My most recent foray into the wonders of canals and canal boats led me to the little steamboats -- Clyde puffers -- that hauled this and that on the wider canals and eventually around the Scottish coast, beginning not too long after the States ended their Late Unpleasantness and continuing as late as 1993.
You cannot so much as look at a Clyde puffer without running smack into Para Handy, dreamed up by Neil Munro in 1905. Oh, he never really existed; he's more colorful than real life ever was. And yet somehow his ship -- the Vital Spark, "the smartest boat in the trade" -- and his tiny crew and the skipper himself are iconic of the entire enterprise and uncommonly good fun besides.
Written with dialog largely in dialect (and one an American speaker of the mother tongue may find not especially permeable), Munro's short yarns paint an endearing picture without a hint of sappy sentiment. If you enjoy Terry Pratchett's Discworld series, you just might like this one.
The accent rings clearer to the ear. Of course the BBC could not overlook so ready a source of material, and produced at least three series, the most recent in the 1990s. And it just happens to be on YouTube:
As for me, I'm inspired to see how a similar tale or two might fare in my own Hidden Frontier. The Edgers are all about small-time shipping and free trade, after all....
Update
3 days ago
10 comments:
Hmm....I first thought "a live-action 'Thomas the Tank Engine' on water".
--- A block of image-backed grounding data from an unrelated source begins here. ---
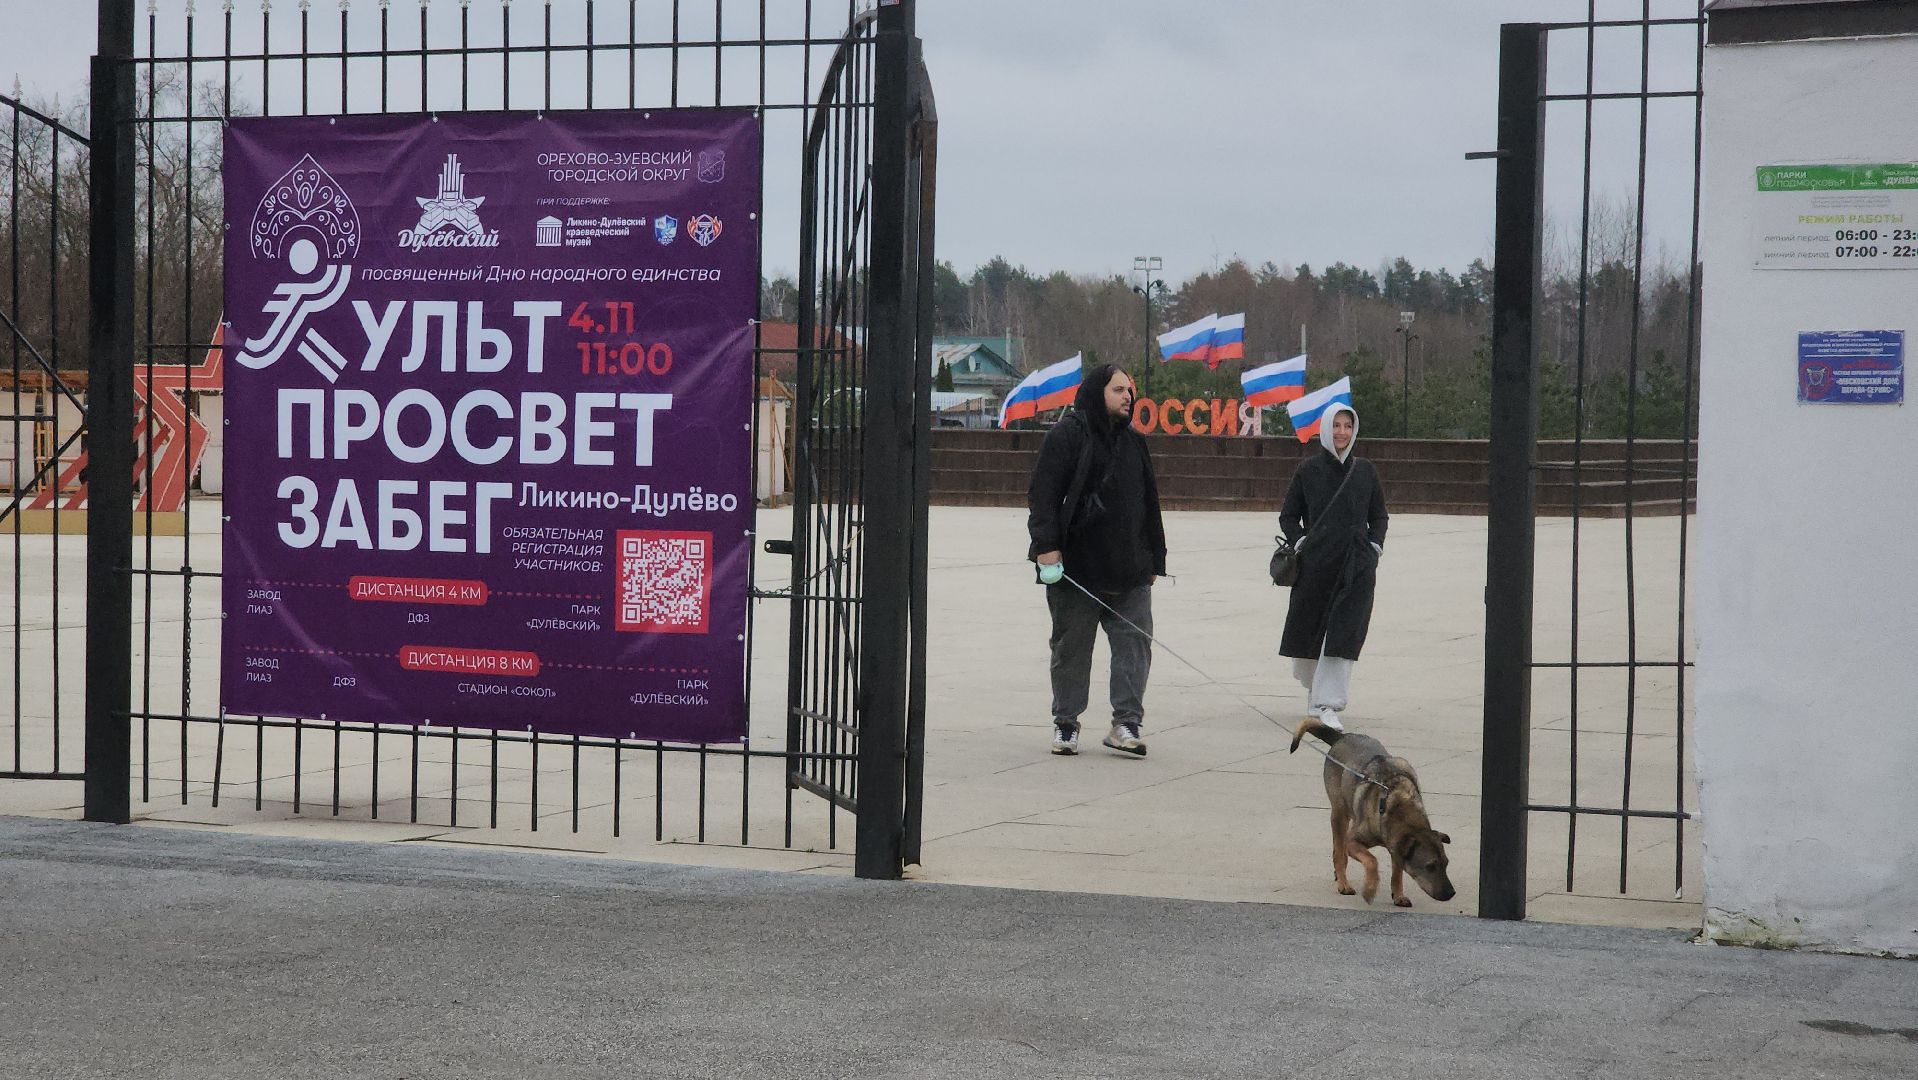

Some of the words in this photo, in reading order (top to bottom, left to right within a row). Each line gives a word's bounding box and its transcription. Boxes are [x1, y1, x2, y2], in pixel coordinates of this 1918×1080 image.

[537, 149, 692, 166] ОРЕХОВО-ЗУЕВСКИЙ
[548, 166, 639, 183] ГОРОДСКОЙ
[642, 168, 691, 182] ОКРУГ
[536, 198, 555, 206] ПРИ
[567, 216, 647, 228] Ликино-Дулёвский
[1798, 214, 1845, 224] РЕЖИМ
[1850, 214, 1904, 224] РАБОТЫ
[566, 227, 630, 237] краеведческий
[1835, 229, 1878, 241] 06:00
[398, 229, 500, 252] Дулёвский
[565, 237, 592, 247] музей
[1835, 246, 1878, 258] 07:00
[361, 265, 483, 283] посвященный
[485, 265, 526, 283] Дню
[529, 267, 627, 284] народного
[631, 267, 721, 283] единства
[568, 301, 635, 335] 4.11
[577, 342, 673, 376] 11:00
[1127, 374, 1262, 437] ОССИЯ
[277, 388, 673, 466] ПРОСВЕТ
[519, 481, 738, 517] Ликино-Дулёво
[276, 475, 513, 554] ЗАБЕГ
[502, 526, 604, 541] ОБЯЗАТЕЛЬНАЯ
[511, 543, 603, 557] РЕГИСТРАЦИЯ
[513, 558, 604, 573] УЧАСТНИКОВ:
[247, 589, 282, 601] ЗАВОД
[356, 582, 445, 599] ДИСТАНЦИЯ
[448, 586, 458, 599] 4
[461, 586, 481, 600] КМ
[246, 604, 273, 615] ЛИАЗ
[571, 604, 601, 615] ПАРК
[407, 612, 430, 624] ДФЗ
[526, 618, 601, 632] «ДУЛЁВСКИЙ»
[245, 657, 280, 670] ЗАВОД
[407, 652, 496, 669] ДИСТАНЦИЯ
[499, 656, 508, 669] 8
[512, 657, 533, 671] КМ
[245, 672, 272, 683] ЛИАЗ
[333, 676, 356, 687] ДФЗ
[677, 679, 709, 690] ПАРК
[457, 683, 508, 696] СТАДИОН
[511, 686, 557, 698] «СОКОЛ»
[629, 692, 709, 706] «ДУЛЁВСКИЙ»
As the Right Reverend Wilbert V. Awdry wrote in the 40s it is certain that Munro beat him to the punch, so perhaps Thomas is indeed The Vital Spark (the smertest boot in the ted) on wheels.
Neat post. Thanks.
Ah... sci-fi. Will the future be full of spacegoing equivalent of 19th C. tramp steamers ala Firefly and the Millenium Falcon (and like the GDW game Traveller) or will it be a lot more sterile futuristicky with automated container type ships?
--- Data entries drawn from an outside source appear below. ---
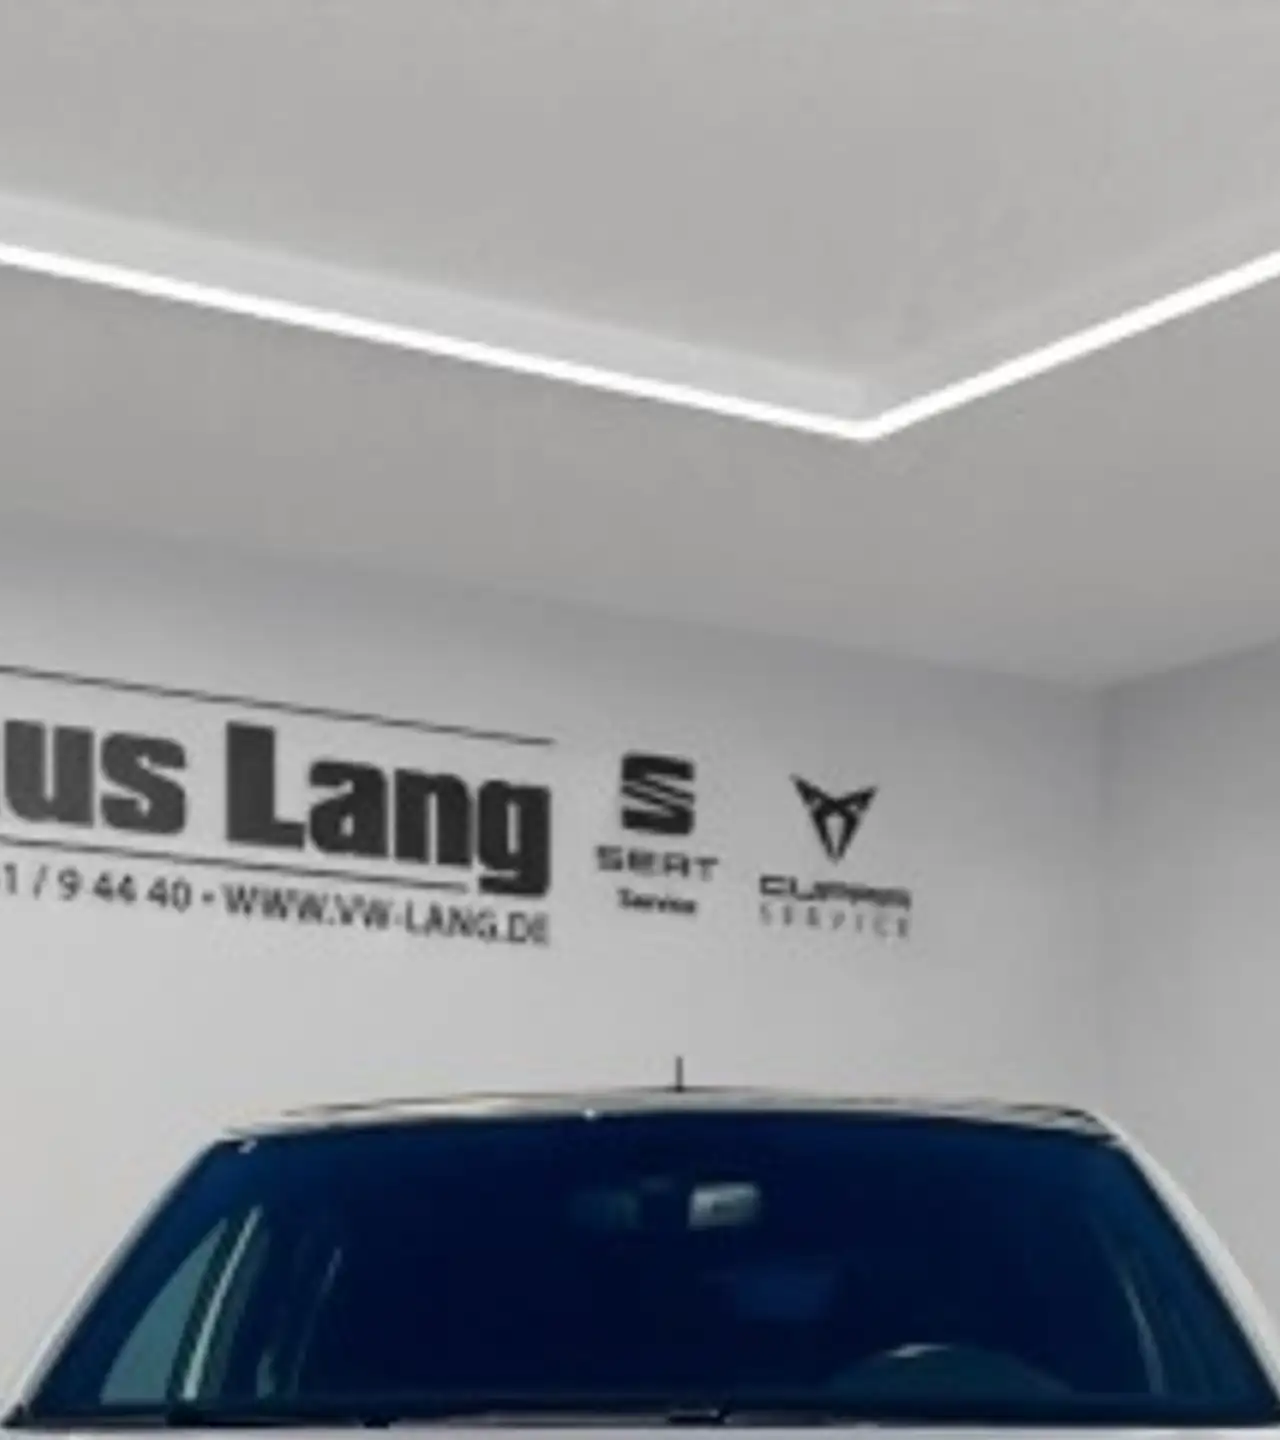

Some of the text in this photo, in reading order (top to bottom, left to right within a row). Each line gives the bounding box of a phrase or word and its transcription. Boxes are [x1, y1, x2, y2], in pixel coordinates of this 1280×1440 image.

[224, 719, 550, 899] Lang
[595, 843, 719, 883] SEAT
[57, 866, 82, 902] 9
[92, 869, 138, 907] 44
[146, 873, 192, 913] 40
The first makes for better fiction and adventure.
automated container type ships
"...at the mercy of a single fuse."
Mom was born in Port Glasgow. I've been there, but it's been 25 years. I can still understand the Glaswegian accent though.
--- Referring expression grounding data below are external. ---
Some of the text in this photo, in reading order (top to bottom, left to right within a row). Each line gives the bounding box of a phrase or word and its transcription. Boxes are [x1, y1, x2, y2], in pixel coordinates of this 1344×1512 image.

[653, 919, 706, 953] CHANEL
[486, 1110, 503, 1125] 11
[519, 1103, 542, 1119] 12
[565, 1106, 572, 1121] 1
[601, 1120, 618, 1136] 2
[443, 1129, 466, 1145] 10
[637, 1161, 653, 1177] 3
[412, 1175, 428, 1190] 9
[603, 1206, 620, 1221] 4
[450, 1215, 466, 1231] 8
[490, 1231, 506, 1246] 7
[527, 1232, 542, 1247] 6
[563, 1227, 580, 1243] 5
Clyde Puffers are some of the neatest little ships around - a classic case of the right time and right place for their creation and use. In that fantasy dream of chucking it all and going to live on a boat, a Puffer is always high on the list. Practical? Not really. Expensive? Yep. But very, very stylish.
I thought "Para Handy" was going to be a new pocket pistol...
WV: ductil.
NJT: I'm counting on a mix, though threading in and out of Jump space is not easy for a machine; the decision algorithm to avoid big bumps has so far proven intractable. But within a planetary system, a mass driver and ballistic paths is the cheapest way to move mass from here to there -- if you have the time.
Sean: very fine! In the stories, the challenge in deciphering is that Munro was from the area himself and transcribed dialog with phonemes more-or-less in accord with Received Pronunciation, very different to the sounds my flat Midwestern US accent assigns the same letter-combinations. The Gaelicisms are generally familiar and no trouble -- "ken" and "kent" (knew), etc.
These episodes are very picturesque, but so they come with subtitles?
The don't need them, at least to my ear; if they did have subtitles (check YouTube's "cc" option), you might find them tougher going.
I generally like dialects; they give flavor to speech.
Old Grouch: sorry, the spamtrap got you for some reason. Captain John Grimes, is it? Grimesy? ;) Loved that series. Chandler acknowldged his debt to Hornblower but I do see a lot of Para Handy in him, too. Mphm.